# Your assignment:
All records must be quoted exactly. Omit the pictures.

# Task data:
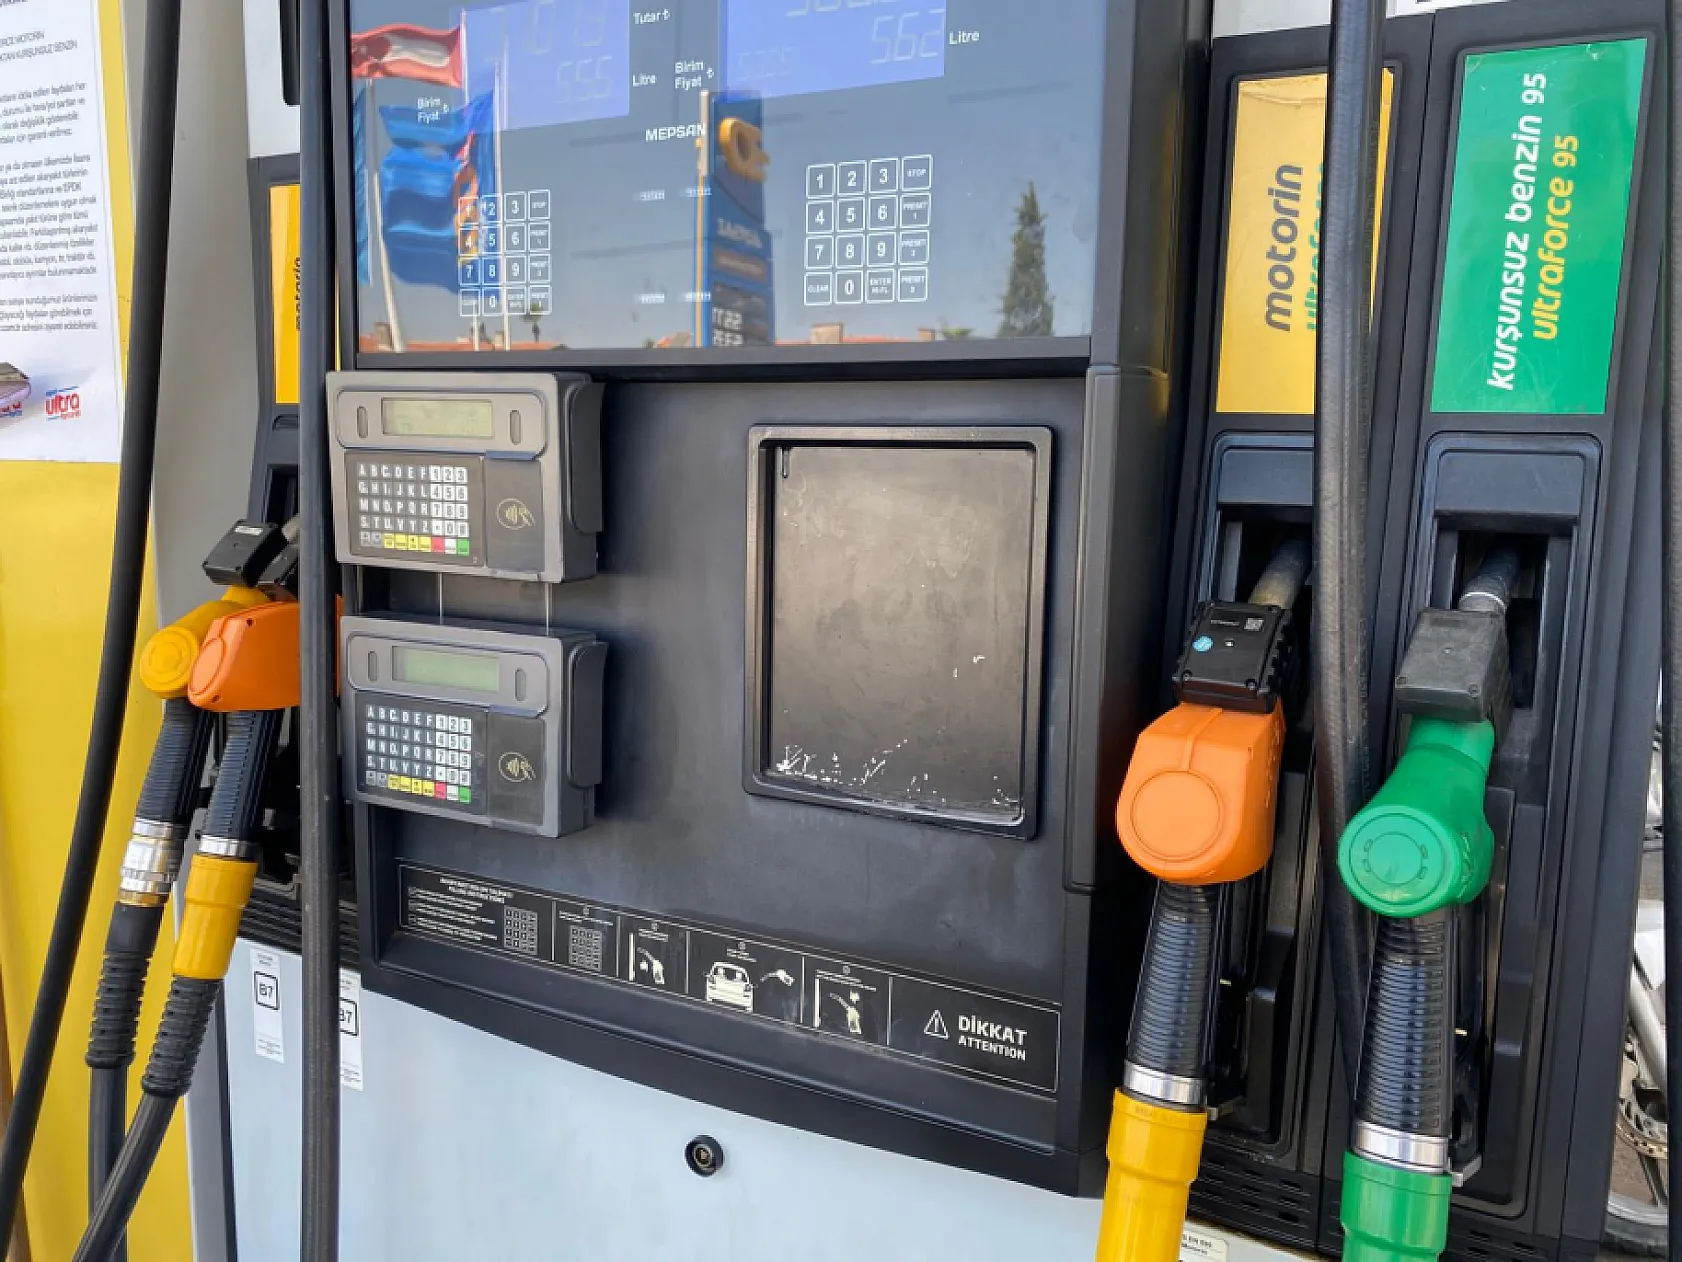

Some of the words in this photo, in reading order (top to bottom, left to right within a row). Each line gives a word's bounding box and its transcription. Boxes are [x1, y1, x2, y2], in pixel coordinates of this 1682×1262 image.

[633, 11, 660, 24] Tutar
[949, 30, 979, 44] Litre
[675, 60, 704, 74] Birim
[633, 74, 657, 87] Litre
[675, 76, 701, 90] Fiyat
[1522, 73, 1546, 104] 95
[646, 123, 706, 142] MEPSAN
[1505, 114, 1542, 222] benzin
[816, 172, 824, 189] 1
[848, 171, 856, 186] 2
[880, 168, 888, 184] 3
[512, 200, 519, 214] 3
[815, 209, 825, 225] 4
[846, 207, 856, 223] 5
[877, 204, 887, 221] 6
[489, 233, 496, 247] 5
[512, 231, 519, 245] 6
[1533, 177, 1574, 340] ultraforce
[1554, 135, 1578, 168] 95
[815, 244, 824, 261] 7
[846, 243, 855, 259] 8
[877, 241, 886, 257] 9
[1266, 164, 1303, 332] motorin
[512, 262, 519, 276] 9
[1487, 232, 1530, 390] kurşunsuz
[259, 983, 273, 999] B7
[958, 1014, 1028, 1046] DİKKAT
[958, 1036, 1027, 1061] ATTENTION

# Solution to the exercise:
Some of the words in this photo, in reading order (top to bottom, left to right within a row). Each line gives a word's bounding box and its transcription. Boxes are [x1, y1, x2, y2], in pixel coordinates of this 1682×1262 image.

[633, 11, 660, 24] Tutar
[949, 30, 979, 44] Litre
[675, 60, 704, 74] Birim
[633, 74, 657, 87] Litre
[675, 76, 701, 90] Fiyat
[1522, 73, 1546, 104] 95
[646, 123, 706, 142] MEPSAN
[1505, 114, 1542, 222] benzin
[816, 172, 824, 189] 1
[848, 171, 856, 186] 2
[880, 168, 888, 184] 3
[512, 200, 519, 214] 3
[815, 209, 825, 225] 4
[846, 207, 856, 223] 5
[877, 204, 887, 221] 6
[489, 233, 496, 247] 5
[512, 231, 519, 245] 6
[1533, 177, 1574, 340] ultraforce
[1554, 135, 1578, 168] 95
[815, 244, 824, 261] 7
[846, 243, 855, 259] 8
[877, 241, 886, 257] 9
[1266, 164, 1303, 332] motorin
[512, 262, 519, 276] 9
[1487, 232, 1530, 390] kurşunsuz
[259, 983, 273, 999] B7
[958, 1014, 1028, 1046] DİKKAT
[958, 1036, 1027, 1061] ATTENTION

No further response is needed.